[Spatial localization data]
****************

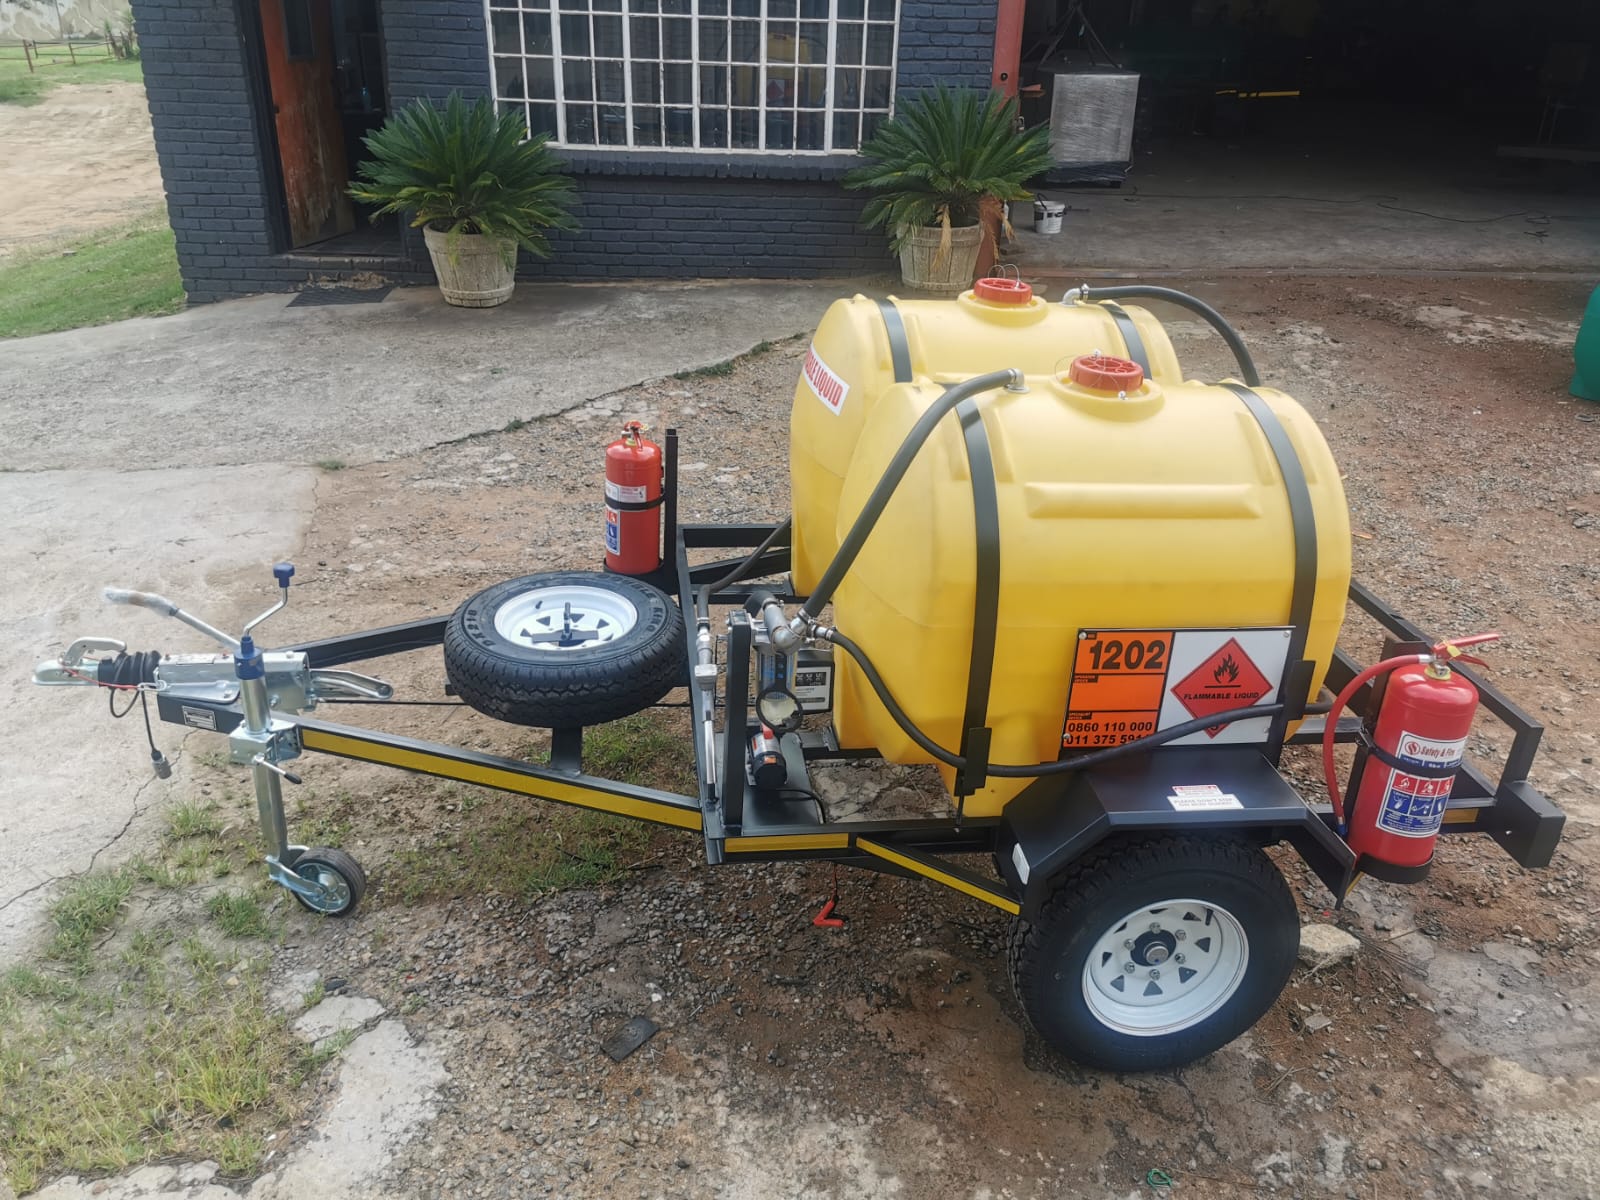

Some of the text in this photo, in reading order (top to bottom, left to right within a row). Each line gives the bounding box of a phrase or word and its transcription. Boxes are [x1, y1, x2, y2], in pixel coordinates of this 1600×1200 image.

[1090, 640, 1165, 669] 1202
[1183, 692, 1231, 700] FLAMMABLE
[1068, 721, 1152, 732] 0860 110 000
[1066, 735, 1089, 745] 011
[1093, 734, 1116, 744] 375
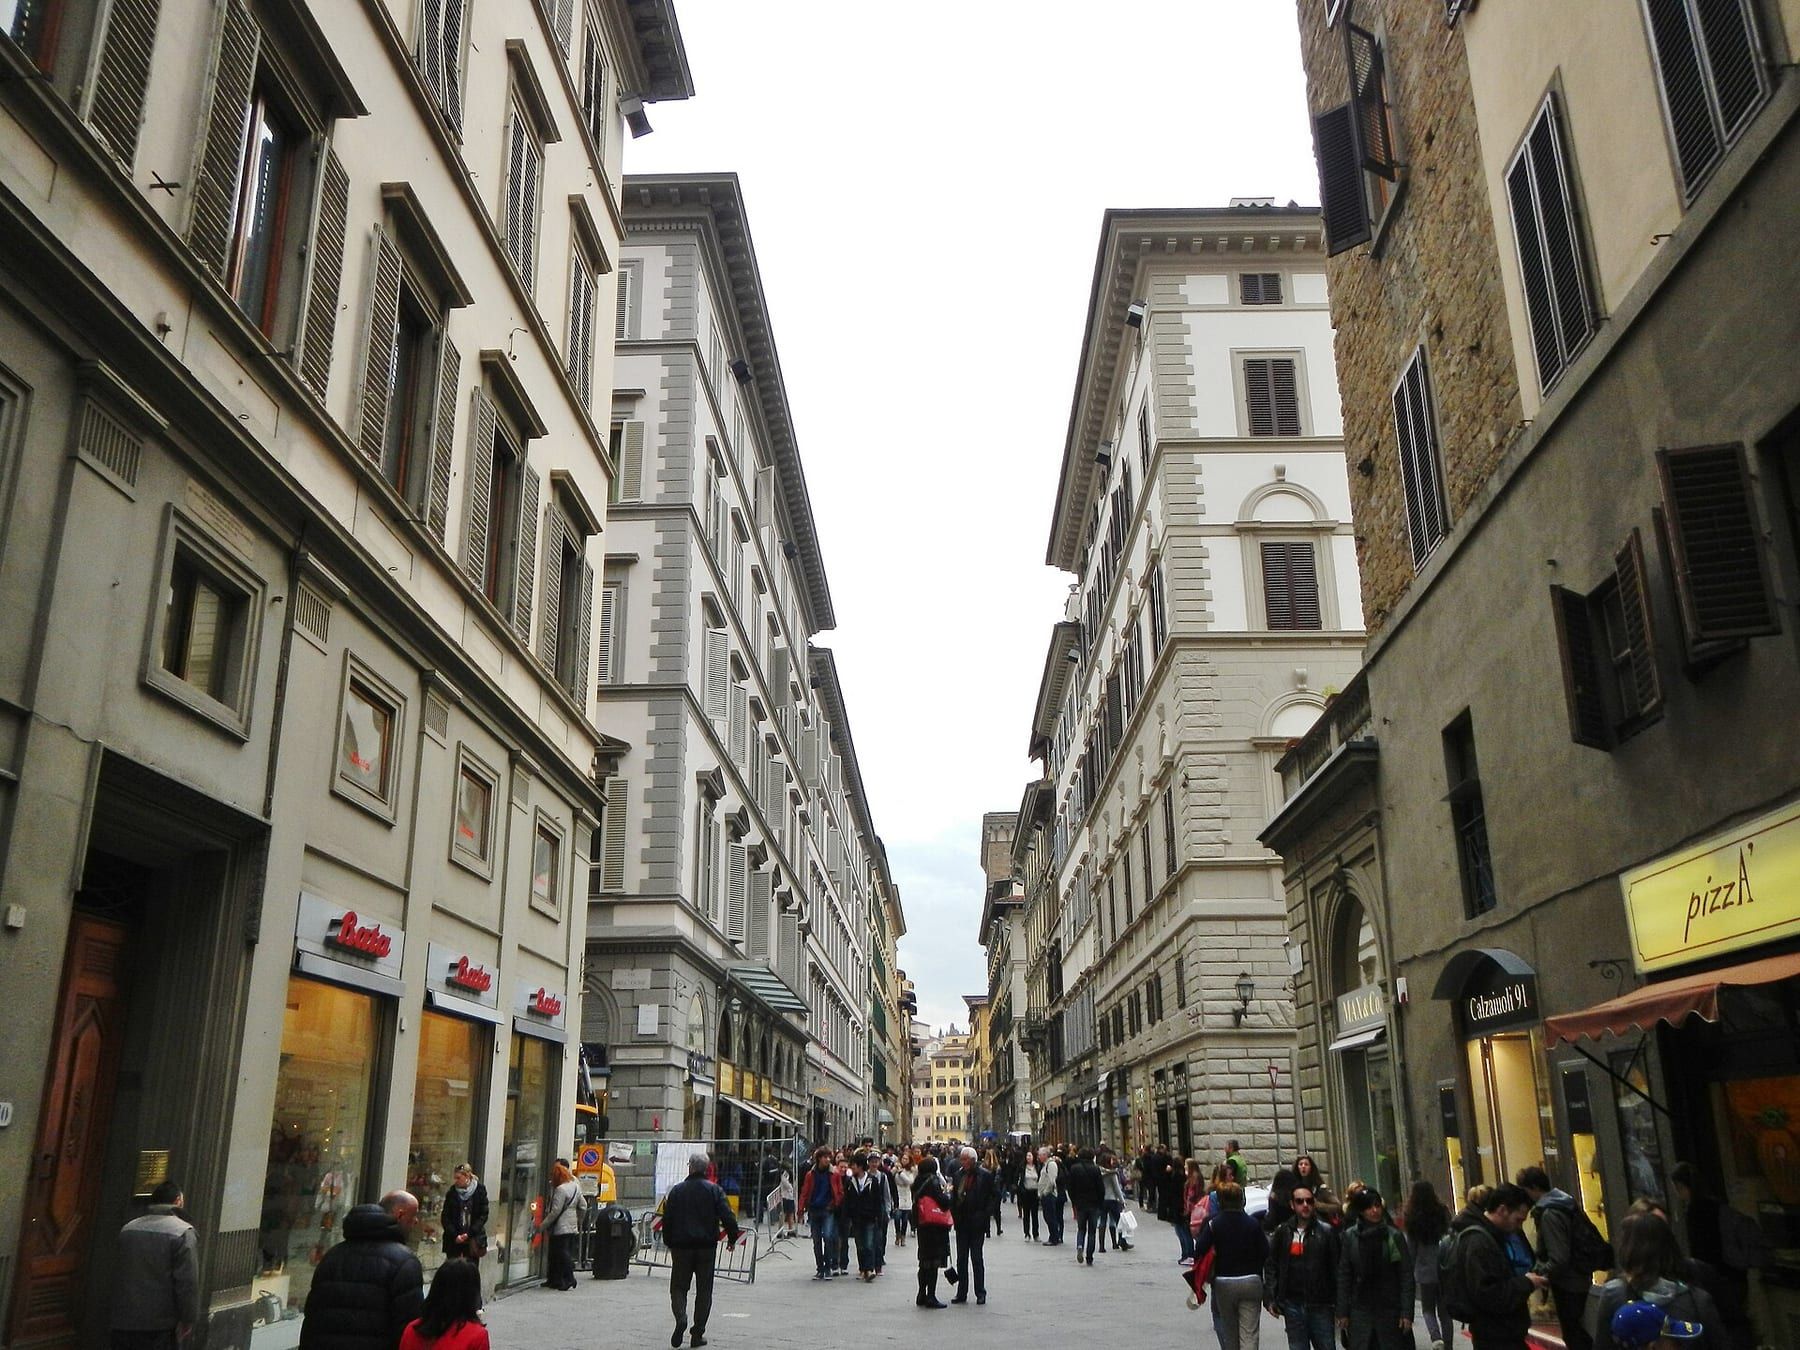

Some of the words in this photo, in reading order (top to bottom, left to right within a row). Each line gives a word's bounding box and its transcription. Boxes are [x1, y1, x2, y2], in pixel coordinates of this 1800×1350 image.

[336, 911, 391, 957] Bata
[455, 956, 491, 992] Bata
[1470, 986, 1514, 1021] Calzaiuoli
[1514, 984, 1527, 1009] 91
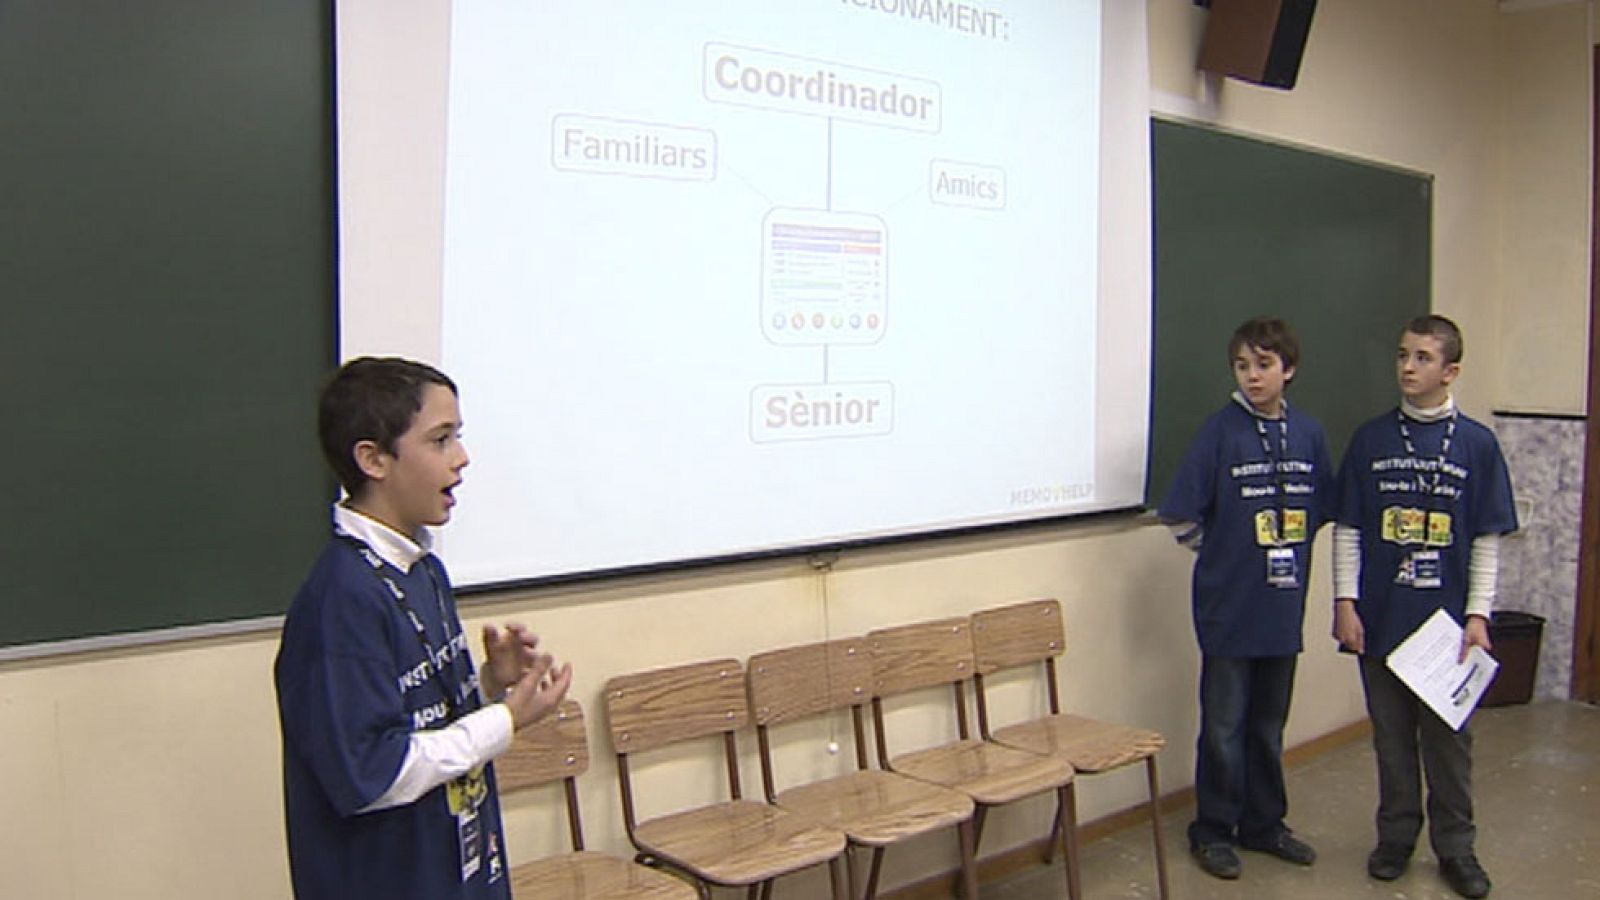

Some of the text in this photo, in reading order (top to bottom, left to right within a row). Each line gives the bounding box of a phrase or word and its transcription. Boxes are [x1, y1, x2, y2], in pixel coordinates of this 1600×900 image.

[714, 55, 934, 120] Coordinador
[564, 128, 708, 169] Familiars
[936, 171, 999, 200] Amics
[765, 391, 880, 428] Sènior

****************

Task item =
Leaving the pictures out, reproduce the entries above exactly.

Response to the exercise =
Some of the text in this photo, in reading order (top to bottom, left to right within a row). Each line gives the bounding box of a phrase or word and its transcription. Boxes are [x1, y1, x2, y2], in pixel coordinates of this 1600×1200 image.

[1090, 640, 1165, 669] 1202
[1183, 692, 1231, 700] FLAMMABLE
[1068, 721, 1152, 732] 0860 110 000
[1066, 735, 1089, 745] 011
[1093, 734, 1116, 744] 375

Some of the words in this photo, in reading order (top to bottom, left to right within a row). Each line gives a word's bounding box and its transcription. Boxes are [x1, y1, x2, y2], in pixel coordinates of this 1800×1350 image.

[336, 911, 391, 957] Bata
[455, 956, 491, 992] Bata
[1470, 986, 1514, 1021] Calzaiuoli
[1514, 984, 1527, 1009] 91

Some of the text in this photo, in reading order (top to bottom, left to right within a row). Each line gives the bounding box of a phrase or word and its transcription. Boxes are [x1, y1, x2, y2], in pixel coordinates of this 1600×900 image.

[714, 55, 934, 120] Coordinador
[564, 128, 708, 169] Familiars
[936, 171, 999, 200] Amics
[765, 391, 880, 428] Sènior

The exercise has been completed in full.